I don't know what our professional accountant told the IRS in 1999, and I wouldn't trust your reading of anything more nuanced than a telephone book (if even that). Perhaps I'll look at these documents sometime. But I simply wasn't ever paid anything remotely like $20K for serving as chairman of the board. Period.
Mister Scratch wrote:The same year you pulled in 6K, you were also given a "research grant" of $2,200. That same year, Prof. Hamblin was paid $200, Prof. Gee was given $100, and Prof. Midgley was given $200. Brian Hauglid was given $1,000.
On the model of colleges, departments, and other entities at BYU and other universities, research grants are given out to support . . . well, research. They're used to hire an assistant or to buy paper, or to pay for travel to research collections, or to buy teaching time, or whatever. There's nothing sinister or unusual in this.
Mister Scratch wrote:Clearly, some people are profiting from apologetics.
By which you mean (shudder!) that some people are being paid for the work they do.
It won't make any difference to you, probably, but others might find it useful to be reminded that much of the work of FARMS in 1999 was, as the work of the Maxwell Institute today still is, office- and administrative and accounting work. And shipping and editing and reception and the like. And that we had a team doing multispectral imaging in Jordan, and a team in Lebanon and then in Italy digitizing manuscripts. And that we were editing and publishing medieval Islamic texts in dual-language formats. And that this had to be managed. And that, in 1999, we were spending hours and hours each week negotiating the agreement by which FARMS was incorporated into the University. None of this was apologetic in nature. It was just hard work, and often boring and frustrating. That some people were paid for doing it is not a crime.
Mister Scratch wrote:I'm sure that there are all sorts of people who would love to make the kind of money that these FARMS boys are raking in.
I'm sure that there are many people who would love to have the kinds of salaries that academics make, in North America as well as in Bangladesh. But very few people with comparable educations in the United States would settle for those salaries.
If your new tack is to suggest that we've been wallowing in money from doing apologetics, you're simply wrong.
Mister Scratch wrote:Well, there's your exchange with James White. And there is this article by Prof. Midgley:
Please be a bit more specific. And please bear in mind that Professor Midgley and I are separate individuals.
And please note, too, that I don't regard professional crusaders against a religion as the equivalent of people publishing the Book of Breathings, doing textual histories of the Book of Mormon, and the like.
Mister Scratch wrote:Mister Scratch wrote:Well, I bet that 99.99% don't have multimillion dollar budgets like FARMS's.

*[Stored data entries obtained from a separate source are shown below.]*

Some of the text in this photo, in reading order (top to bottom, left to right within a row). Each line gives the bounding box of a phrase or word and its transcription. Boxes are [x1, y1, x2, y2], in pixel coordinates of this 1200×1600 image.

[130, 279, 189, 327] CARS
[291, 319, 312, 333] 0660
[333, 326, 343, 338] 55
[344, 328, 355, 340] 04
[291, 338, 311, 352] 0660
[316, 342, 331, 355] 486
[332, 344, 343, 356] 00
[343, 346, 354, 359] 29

And I'll bet that none of them produce searchable electronic databases of the Dead Sea Scrolls, publish dual-language texts of medieval Arabic philosophy and science, digitize Syriac documents in the Vatican Library, sponsor conferences on Qumran studies in North America and Israel, and perform multispectral imaging at Herculaneum and in Petra and at Bonampak.
I'm sure if they had millions to throw around that they'd be doing more stuff akin to the things you've listed.

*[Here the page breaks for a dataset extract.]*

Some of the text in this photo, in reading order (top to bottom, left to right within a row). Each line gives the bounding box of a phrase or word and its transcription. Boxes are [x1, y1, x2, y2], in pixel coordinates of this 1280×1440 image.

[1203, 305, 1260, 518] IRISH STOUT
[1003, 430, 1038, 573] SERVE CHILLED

You seriously think that Mormonism Research Ministry and Alpha and Omega Ministries and the Nauvoo Christian Visitor Center and such organizations have even the slightest interest in spearheading any projects even remotely like those I've listed above? Seriously???

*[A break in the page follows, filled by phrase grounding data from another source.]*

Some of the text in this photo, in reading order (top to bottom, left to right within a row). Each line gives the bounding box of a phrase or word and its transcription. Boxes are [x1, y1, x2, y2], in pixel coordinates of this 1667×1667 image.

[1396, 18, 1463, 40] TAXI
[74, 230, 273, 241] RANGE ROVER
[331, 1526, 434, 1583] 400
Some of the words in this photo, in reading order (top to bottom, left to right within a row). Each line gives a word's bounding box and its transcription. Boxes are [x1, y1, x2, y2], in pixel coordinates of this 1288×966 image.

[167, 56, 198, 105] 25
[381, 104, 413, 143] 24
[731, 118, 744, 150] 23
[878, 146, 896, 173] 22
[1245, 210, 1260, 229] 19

Mister Scratch wrote:You once said that you never received "one dime" for apologetics.
I've typically said that not a single dime of my salary comes from doing apologetics, and that my salary would be precisely the same -- if anything, it might be just slightly higher -- if I didn't. And that's true. I've never denied receiving a royalty of $50 or $100 here or there, from one year to the next.
I've never believed that editing is the same as doing apologetics, though -- let alone that administrative work is apologetics. I didn't mind a bit that I was given some extra compensation for the hours and hours and hours that I spent working on the merger agreement for FARMS with BYU, which came on top of my editing and teaching duties and which almost destroyed my personal research and writing for several years. But I never received anything remotely like $20K as an annual board chairmanship fee. That simply didn't happen, though it would have been wonderful if it had.